Opinión

Mi amiga Eva y la utopía

La misma noche en que la extrema derecha ganaba en las urnas del Ohio español, Eduard Sola recibía aplausos al reivindicar la viabilidad de una utopía. Lo hizo al recoger el premio Gaudí al mejor guión original por Mi amiga Eva. ; la película, dirigida por Cesc Gay y protagonizada por Nora Navas, narra la historia de una mujer que abandona todo por amor. O mejor dicho, por un amor imaginario, por el deseo de experimentar lo que se siente al enamorarse, algo que se vuelve tan difícil tras medio siglo junto a la misma persona. En realidad, no abandona todo: alquila un apartamento y termina con su esposo. Como dice un amigo, lo que no haces a una edad lo terminas haciendo a otra. Y es algo parecido lo que le ocurre a ella.

  
  Filmax

Cuántos hombres han comprado un coche grande a los sesenta, y cuánta gente opta por ponerse en forma después de los cuarenta, pues hasta entonces se sentía bien. Y al revés: cuántos de los que nunca excedieron sus límites en la juventud se dejan llevar en la madurez, anhelando recuperar un tiempo que se les escapa. Así entendí la película: como una crisis en el instante en que empieza a dar vértigo (si no miedo) perder alegrías y autocelebraciones antes de morir.

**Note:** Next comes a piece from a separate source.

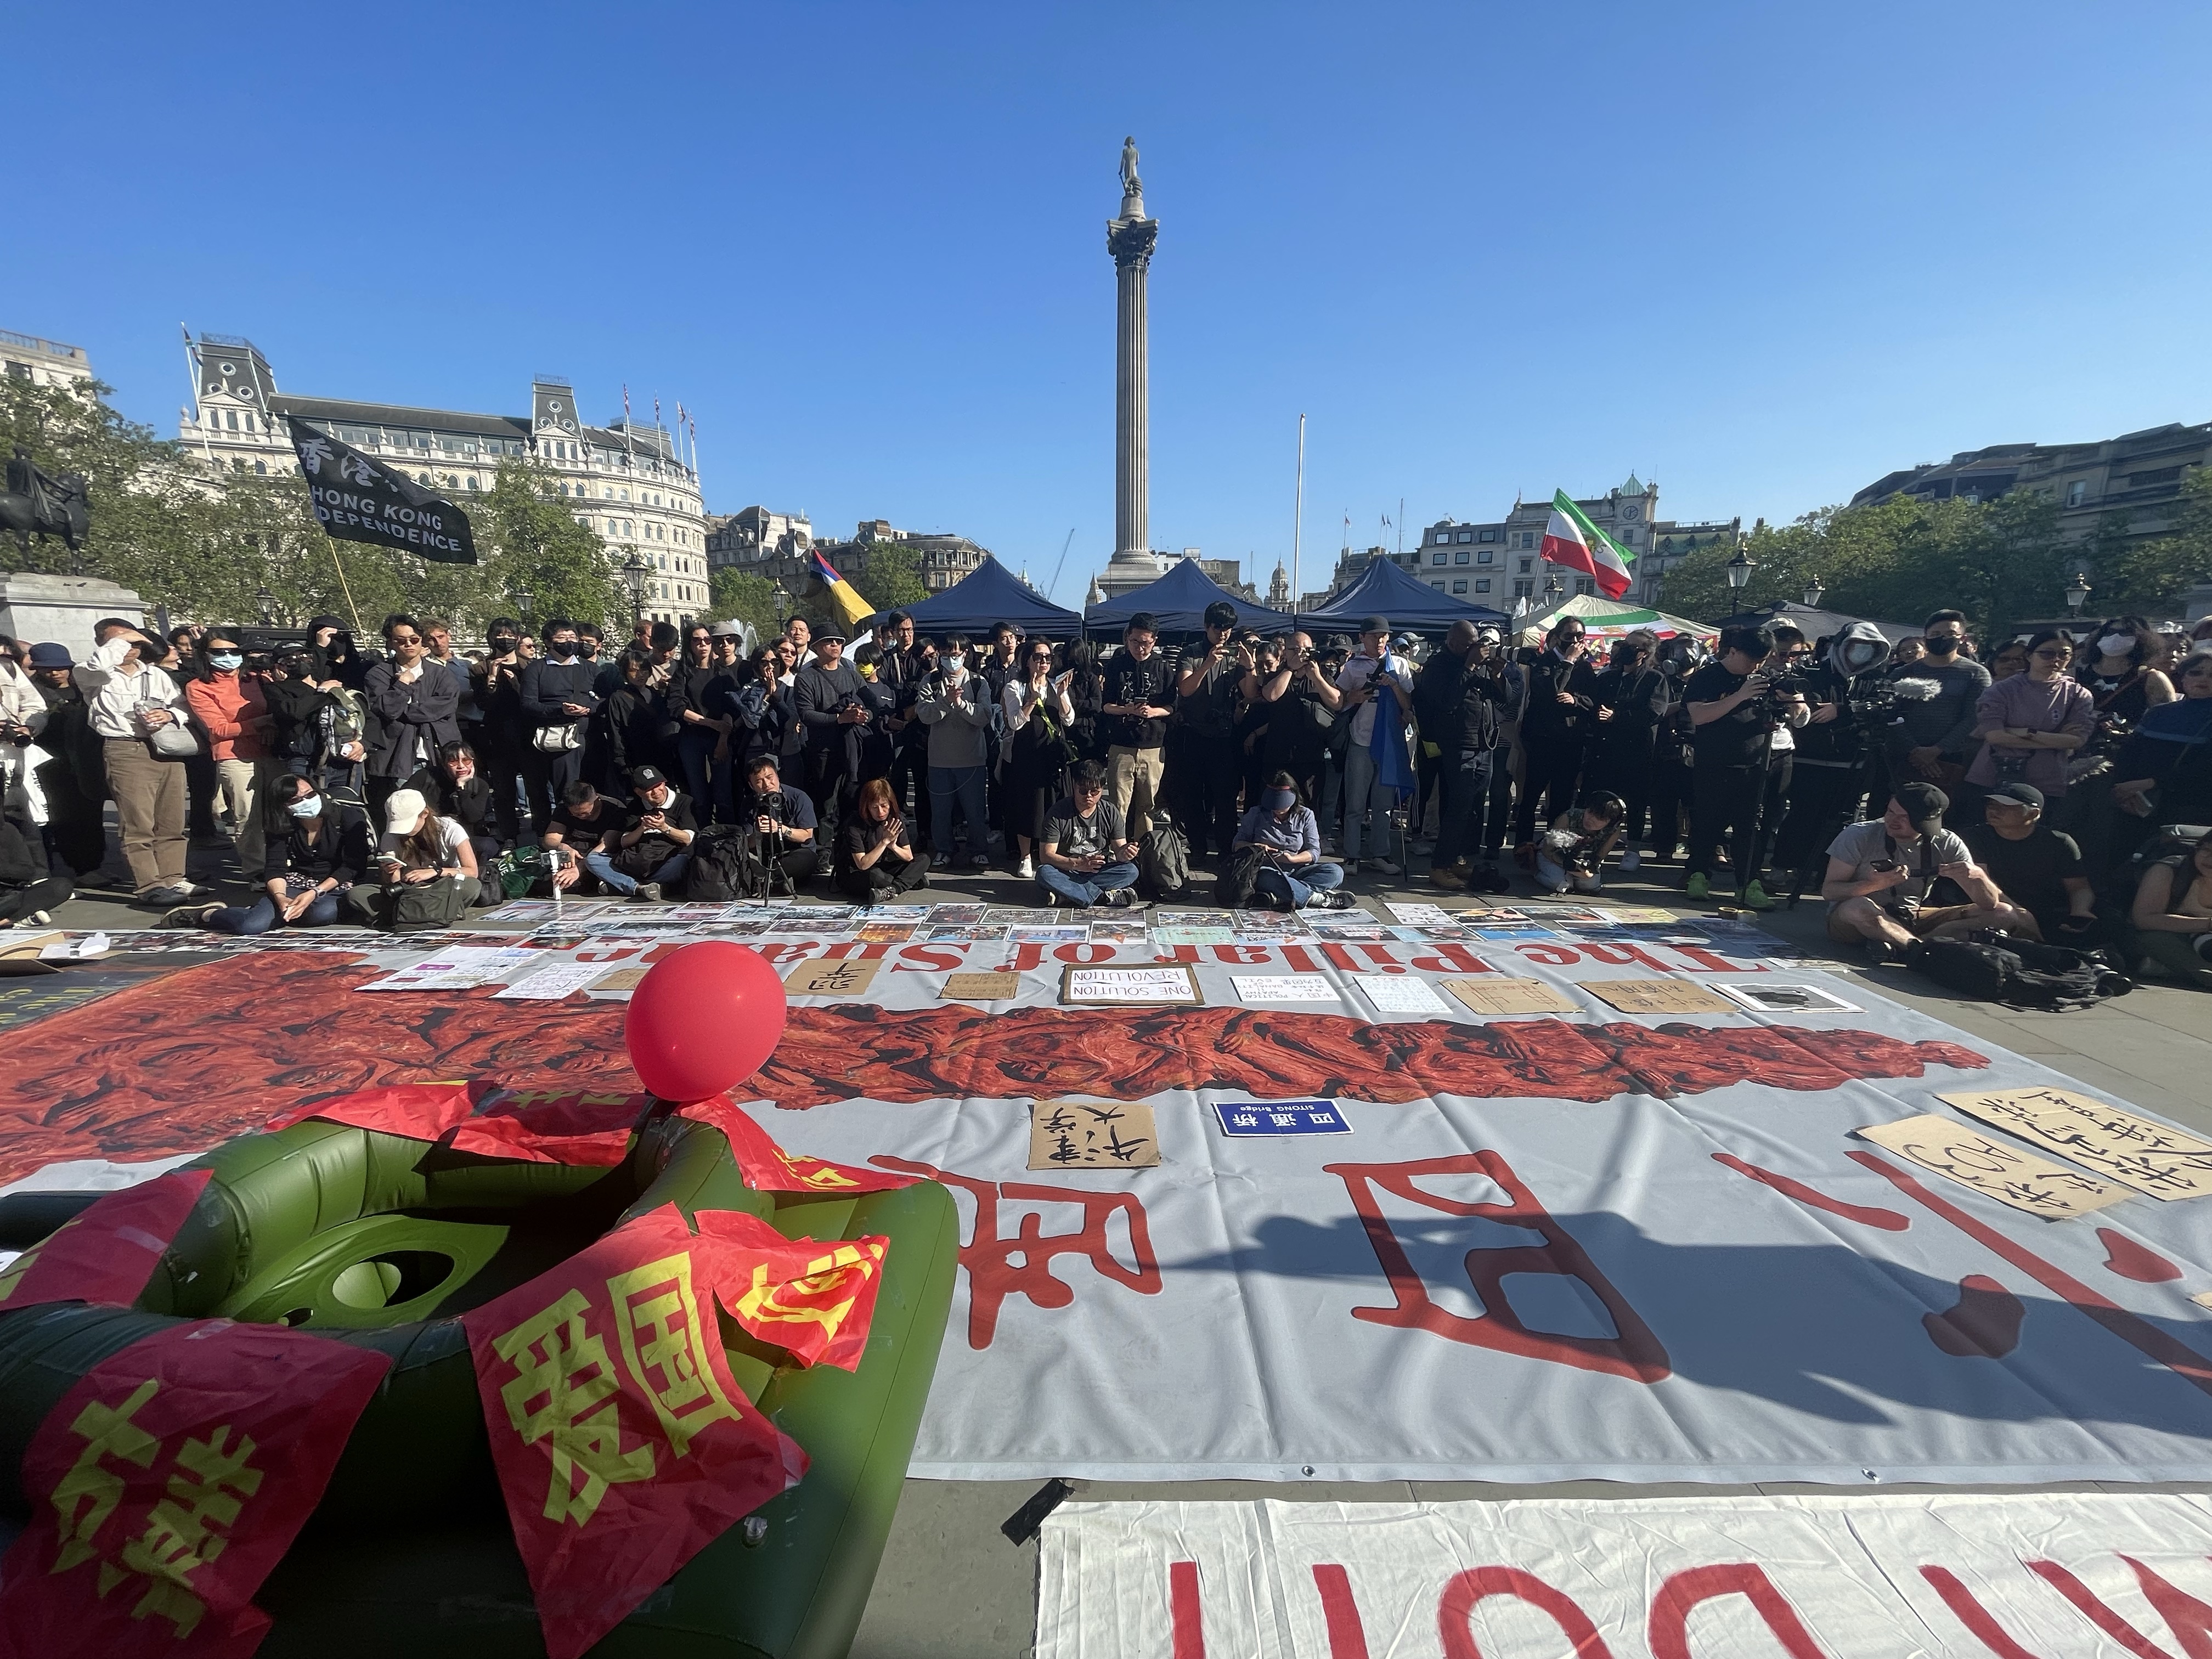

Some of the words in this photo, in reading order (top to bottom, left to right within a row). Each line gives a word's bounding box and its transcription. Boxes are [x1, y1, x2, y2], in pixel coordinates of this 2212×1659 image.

La heroína de la película busca sentirse bien, no busca transformar el mundo

Por eso me sorprendió que, en su discurso, Sola afirmara: “Tenemos que hacer como Eva, porque las utopías son utopías hasta que alguien las hace realidad”. Mencionó la jornada laboral, el voto femenino y la eliminación de la explotación infantil. Invitó a soñar, a luchar y a edificar un mundo más justo y más compasivo, “sin genocidios, ni armas, ni putos fascistas de mierda” que lo dirija. Me alegra que la gente celebrara sus palabras. Pero ¿qué relación tiene la decisión de Eva con todo esto?

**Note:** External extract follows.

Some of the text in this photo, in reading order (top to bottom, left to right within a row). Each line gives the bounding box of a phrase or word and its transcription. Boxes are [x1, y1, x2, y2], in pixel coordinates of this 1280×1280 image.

La utopía no se equipara a la insatisfacción. Lo que impulsa a la protagonista de la película es el anhelo de sentirse bien y aprender a colocar su deseo por encima del confort ajeno (y del propio), nunca la intención de transformar el mundo. Creo que la democracia de este país tiene la misma edad que Eva, y actúa como ella: responde al desaliento con pequeñas renuncias, con aventuras efímeras, esperando que algo ocurra que la haga enamorarse otra vez. Soñar así es hermoso, pero no enfrenta el odio ni repara la desgaste de haberse cuidado menos de lo debido. Esperemos que no sea una crisis de vértigo antes del fin.